January 26 is significant because it represented the arrival in this unknown land of the Rule of Law, education, agriculture, scientific knowledge, a national language, the idea of multiculturalism (starting with the Irish, the Scots, the English and later the Chinese – though they weren’t always welcomed); also, the beginnings of democracy, the arrival of books and newspapers, currency (once rum was replaced), capitalism, trade with the rest of the world and the establishment of Christianity. (People today have differing views about the worth of all these but they, nevertheless, are a part of Australia as we know it.) In other words, most of the things we take for granted in Australia today began in one form or other in 1788 yet the protesters imply that nothing worthwhile happened after 1788. This is demonstrably false.

The safe arrival of Arthur Phillip’s fleet was also an incredible achievement, something that had never been done before, nor since. He had led a fleet of 11 ships across 17 000 nautical miles “in the most extraordinary and treacherous flotilla voyage in history”1 – without the loss of one life. When he arrived at his destination after eight months, he dropped his pants to illustrate to the local inhabitants that he was a man, not a god.

It is not generally understood (it seems) that before January 26 there was no Australia – there was no nation as such; this is a Western concept – almost everything that people today associate with Australia began from January 26, 1788: parliaments, hospitals, schools, museums and libraries. There were only disparate warring clans or tribes with little or no means of communication between them.
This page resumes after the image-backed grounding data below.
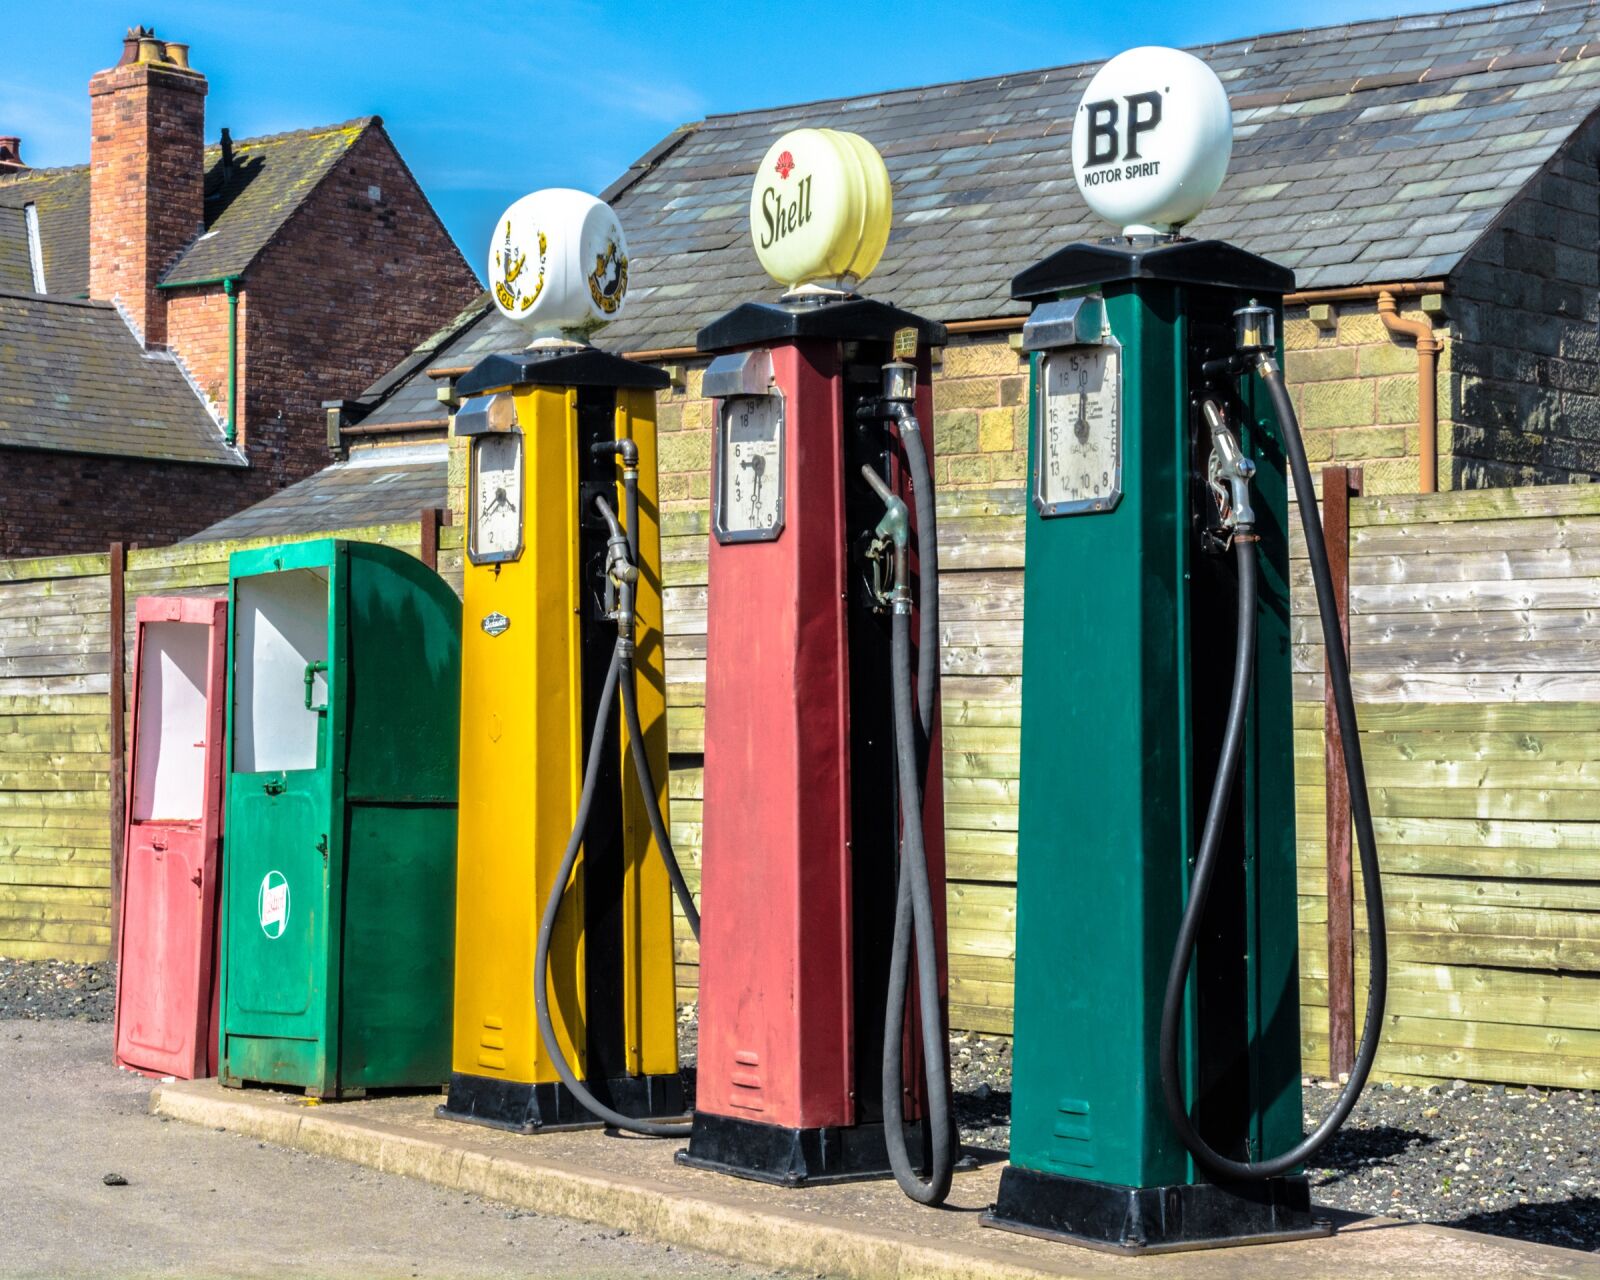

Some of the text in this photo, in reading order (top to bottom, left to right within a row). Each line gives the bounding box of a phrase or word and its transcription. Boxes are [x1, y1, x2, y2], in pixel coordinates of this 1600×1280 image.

[1084, 161, 1160, 187] MOTOR SPIRIT
[761, 174, 812, 249] Shell
[740, 414, 749, 428] 18
[735, 444, 741, 457] 6
[1102, 471, 1109, 487] 8
They had no knowledge (or way of measuring) how long their peoples had lived on the land before them and no idea of the mineral wealth that lay more than a few inches under their feet. Average life expectancy has been estimated in the mid-40s – which it was in most countries before the Industrial Revolution.
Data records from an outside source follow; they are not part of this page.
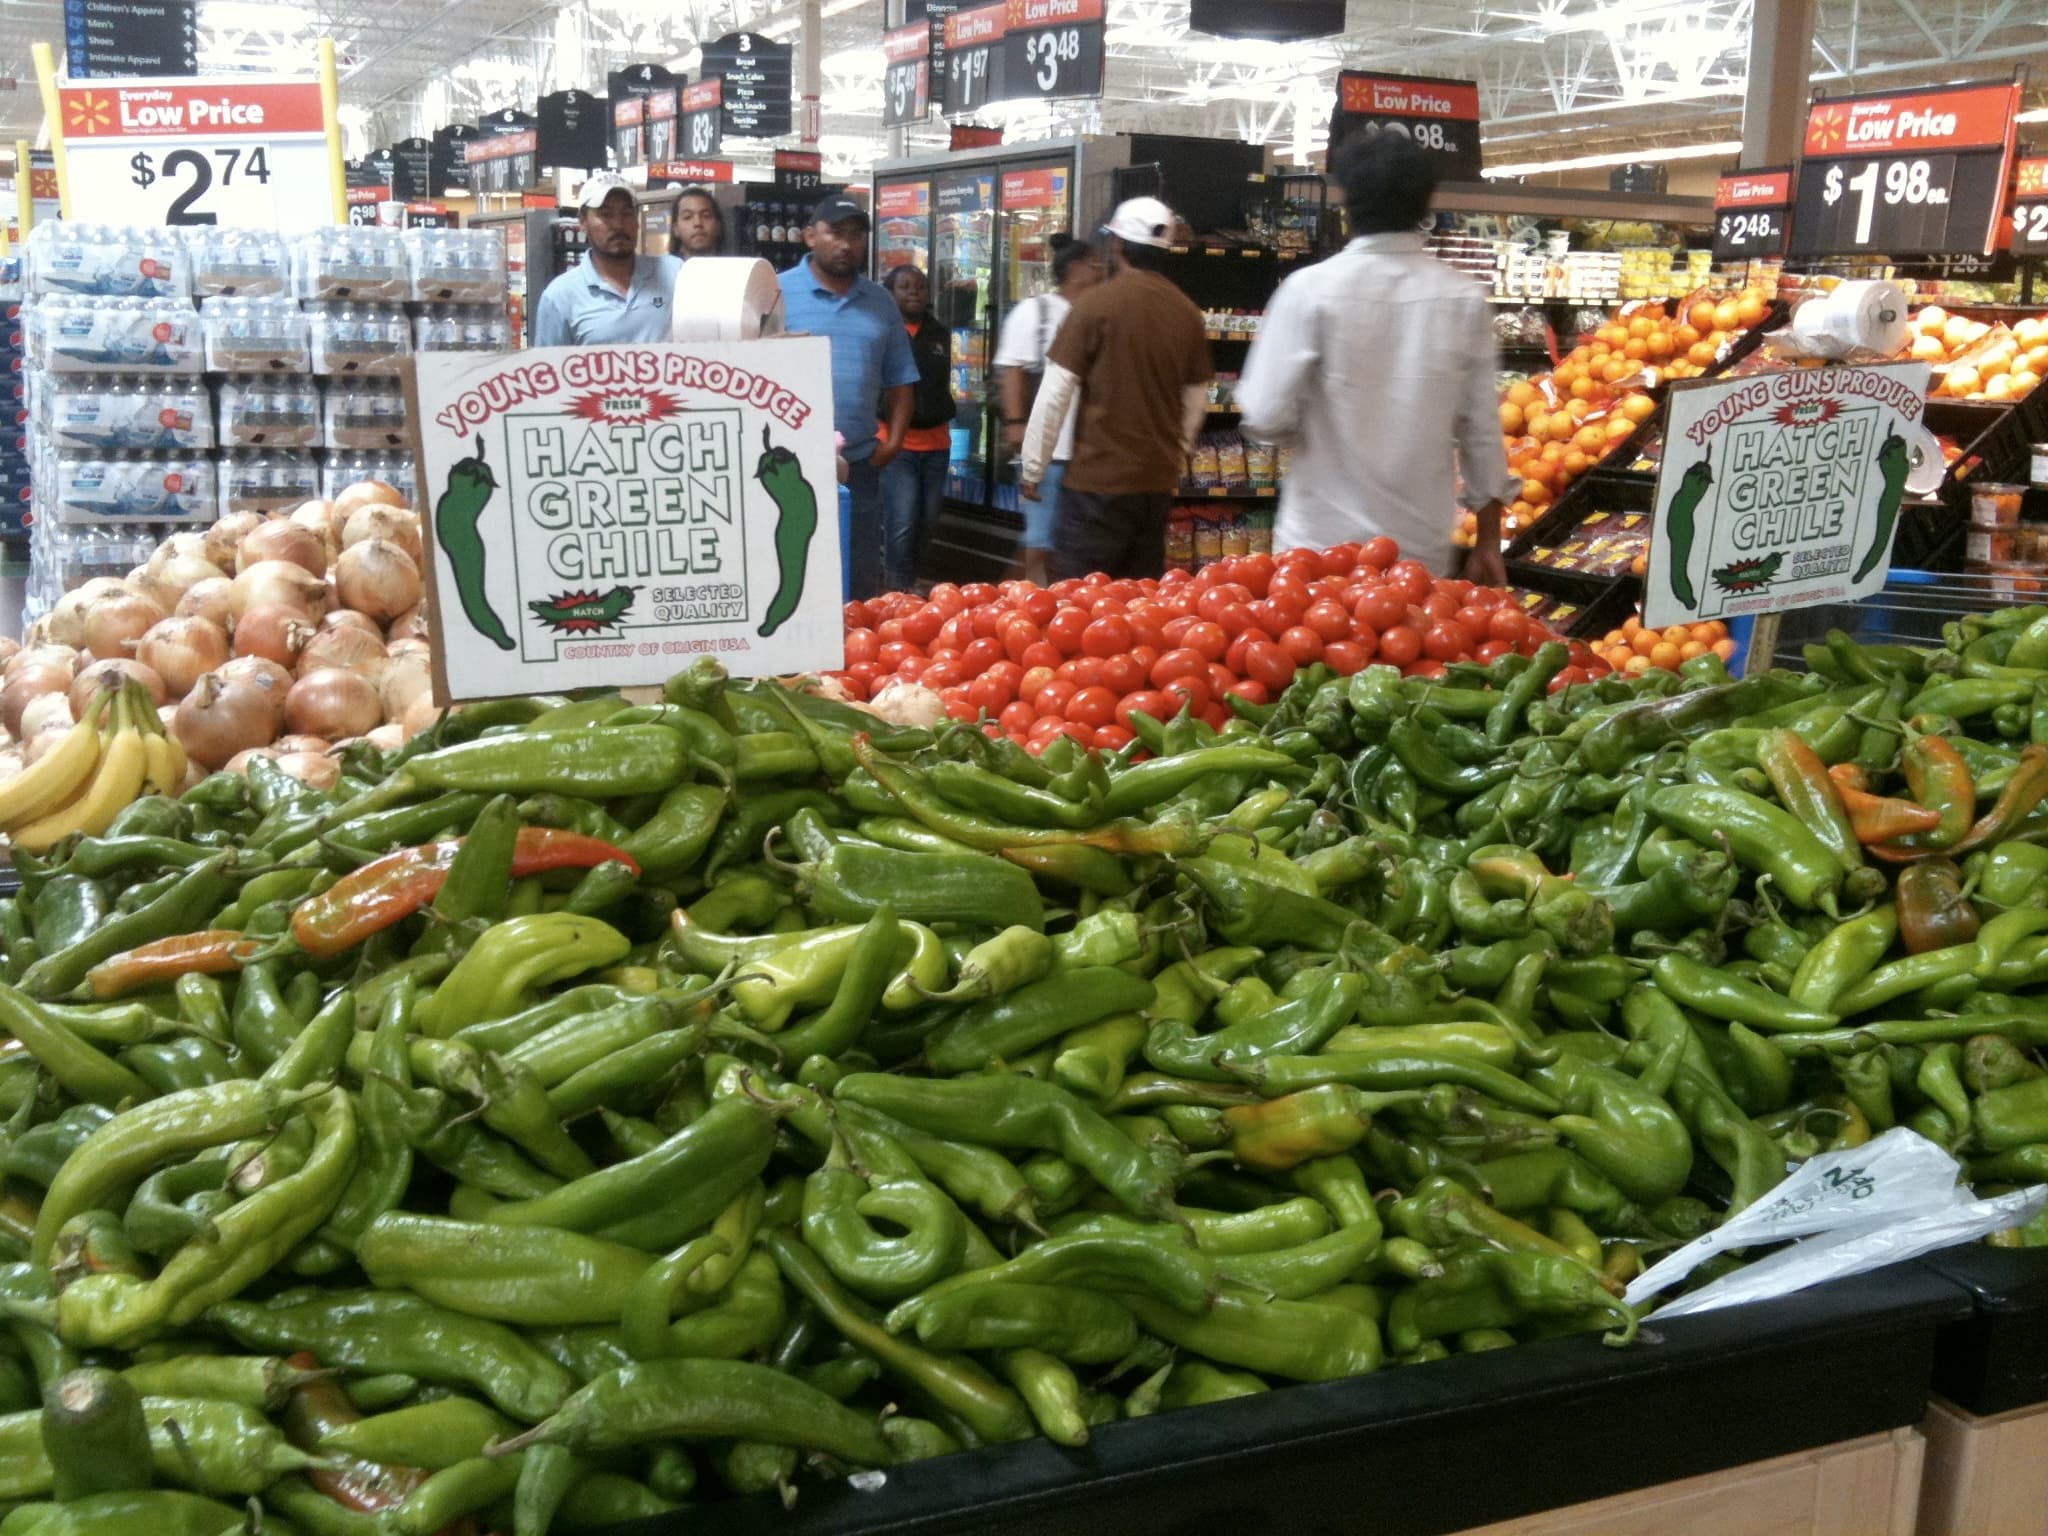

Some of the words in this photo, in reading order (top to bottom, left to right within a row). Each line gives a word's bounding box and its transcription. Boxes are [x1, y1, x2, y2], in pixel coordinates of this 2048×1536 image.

[131, 5, 165, 16] Apparel
[1025, 0, 1048, 19] Low
[1048, 0, 1078, 16] Price
[88, 20, 114, 29] Men's
[89, 36, 114, 46] Shoes
[739, 35, 751, 52] 3
[127, 54, 161, 66] Apparel
[641, 66, 652, 80] 4
[119, 89, 173, 103] Everyday
[567, 91, 576, 104] 5
[1374, 92, 1407, 111] Low
[1411, 94, 1451, 113] Price
[120, 101, 183, 127] Low
[189, 98, 264, 125] Price
[504, 110, 514, 122] 6
[1851, 104, 1892, 117] Everyday
[455, 126, 464, 136] 7
[1846, 117, 1895, 142] Low
[1896, 107, 1957, 139] Price
[414, 140, 422, 149] 8
[382, 149, 390, 159] 9
[350, 161, 361, 169] 10
[667, 166, 688, 175] Low
[1732, 185, 1751, 198] Low
[1751, 184, 1774, 196] Price
[436, 361, 560, 438] YOUNG
[562, 350, 662, 388] GUNS
[664, 352, 811, 430] PRODUCE
[604, 398, 642, 411] FRESH
[1686, 382, 1769, 446] YOUNG
[1773, 370, 1837, 400] GUNS
[1837, 369, 1923, 421] PRODUCE
[523, 421, 730, 478] HATCH
[1733, 417, 1868, 472] HATCH
[1728, 459, 1861, 513] GREEN
[528, 473, 732, 530] GREEN
[1732, 501, 1844, 551] CHILE
[547, 528, 722, 580] CHILE
[1792, 545, 1850, 565] SELECTED
[1791, 558, 1849, 578] QUALITY
[652, 584, 743, 603] SELECTED
[572, 607, 605, 617] HATCH
[654, 601, 743, 622] QUALITY
[565, 644, 635, 660] COUNTRY
[638, 643, 659, 656] OF
[663, 640, 717, 655] ORIGIN
[719, 637, 751, 651] USA
It is sometimes suggested that the Europeans brought not only science and civilisation, but also diseases and death to the native population. There is certainly some truth to this, though not by design. The instructions to Philip and other governors was clear: they were to befriend the local people and do them no harm. In fact, the consequences for indigenous populations was often catastrophic, as it was in every other continent: some diseases (though not smallpox which has now been traced to the trepang fishermen emanating from Indonesia and impacting Torres Strait Islanders) and both official and unauthorised clashes (often over the uses of land) beyond the reaches of settlements and the law.
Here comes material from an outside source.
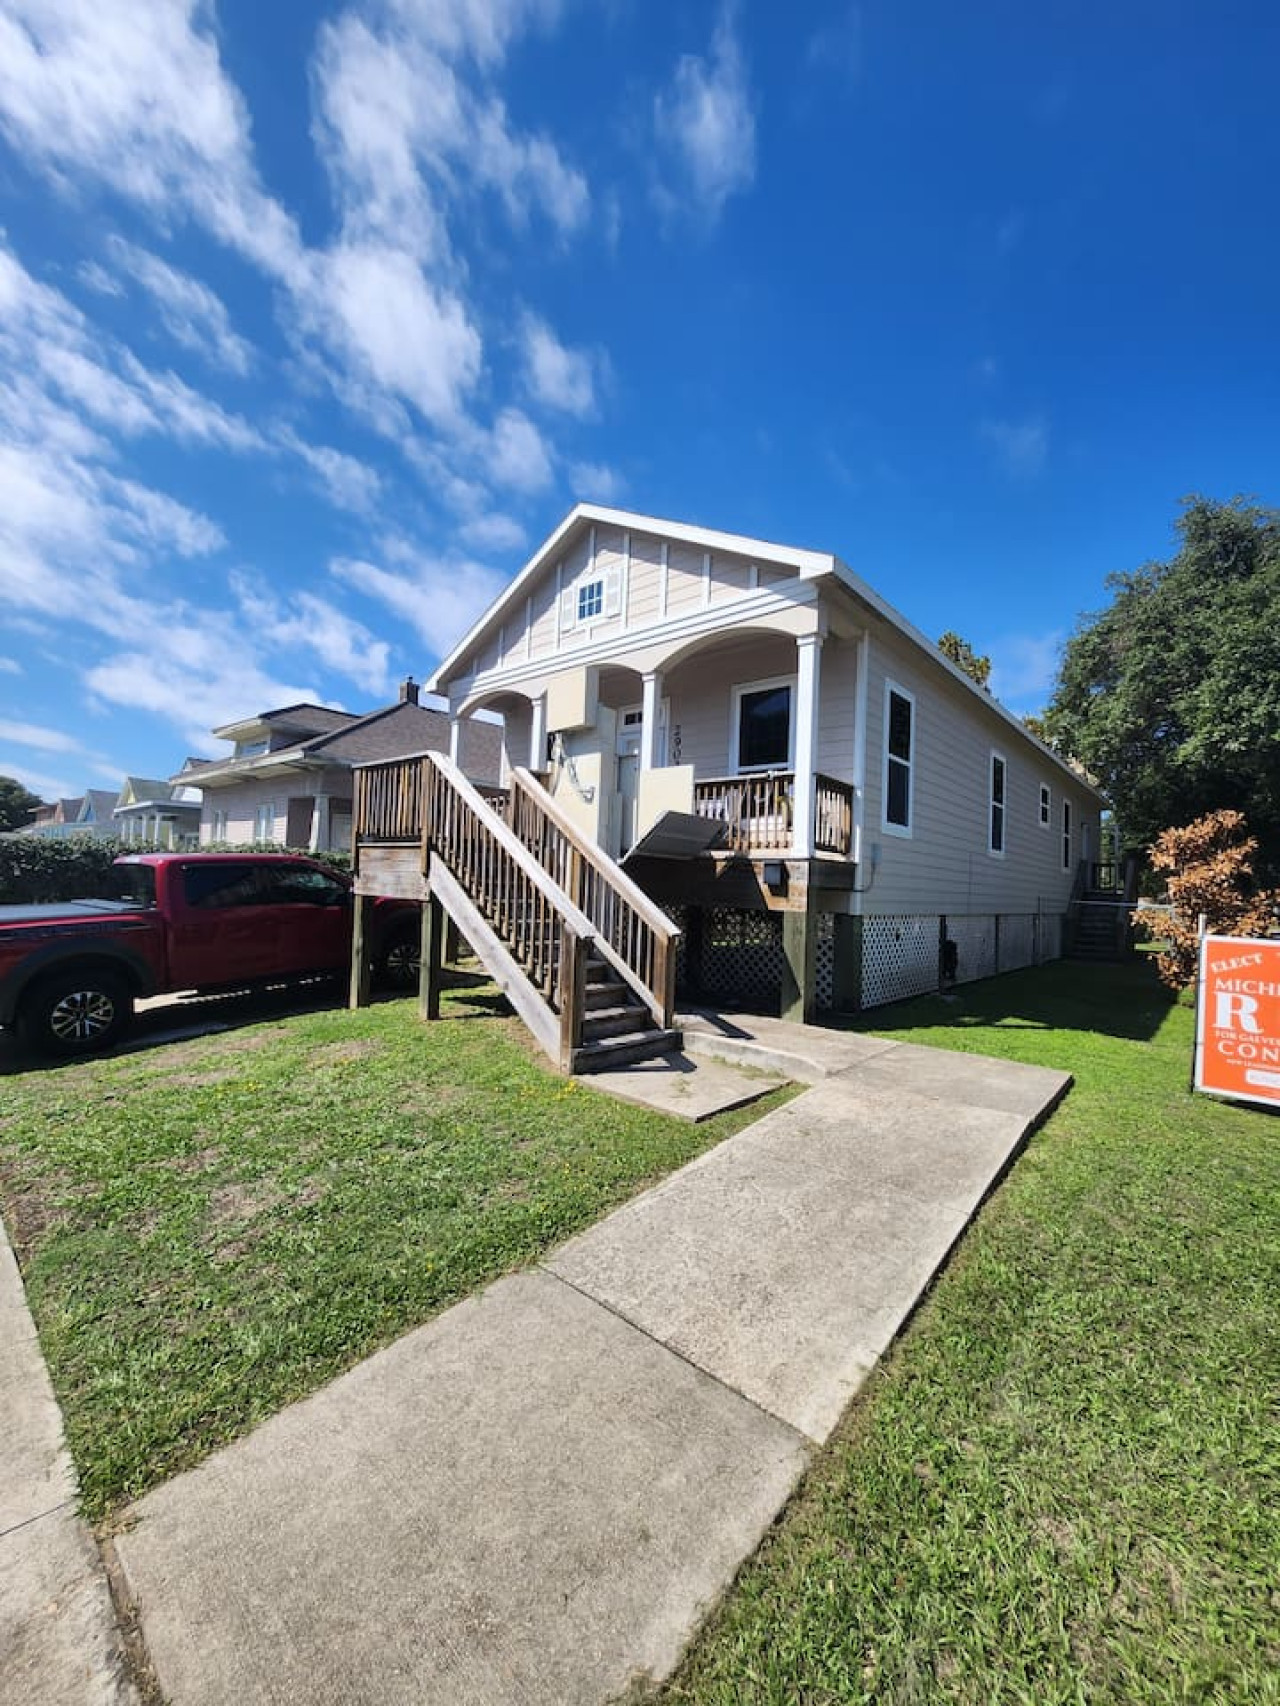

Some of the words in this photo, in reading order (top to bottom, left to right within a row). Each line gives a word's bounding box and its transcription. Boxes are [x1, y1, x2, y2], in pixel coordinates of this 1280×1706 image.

[1211, 952, 1263, 973] ELECT
[1215, 978, 1280, 996] MICH
[1212, 991, 1264, 1034] R
[1215, 1030, 1237, 1040] FOR
The saddest thing about all this is that it is increasingly clear that most Australians have no idea why January 26 is significant and that many people (especially the young, in their ignorance) are prepared to dispense with commemorating the achievements of not only a number of remarkable British men and women in Australia (Caroline Chisholm comes to mind) who established the foundations of our modern nation, but also many pioneers of the Enlightenment (such as Cook), the Industrial Revolution (James Watt) and British culture (Shakespeare) from which all Australians have benefited.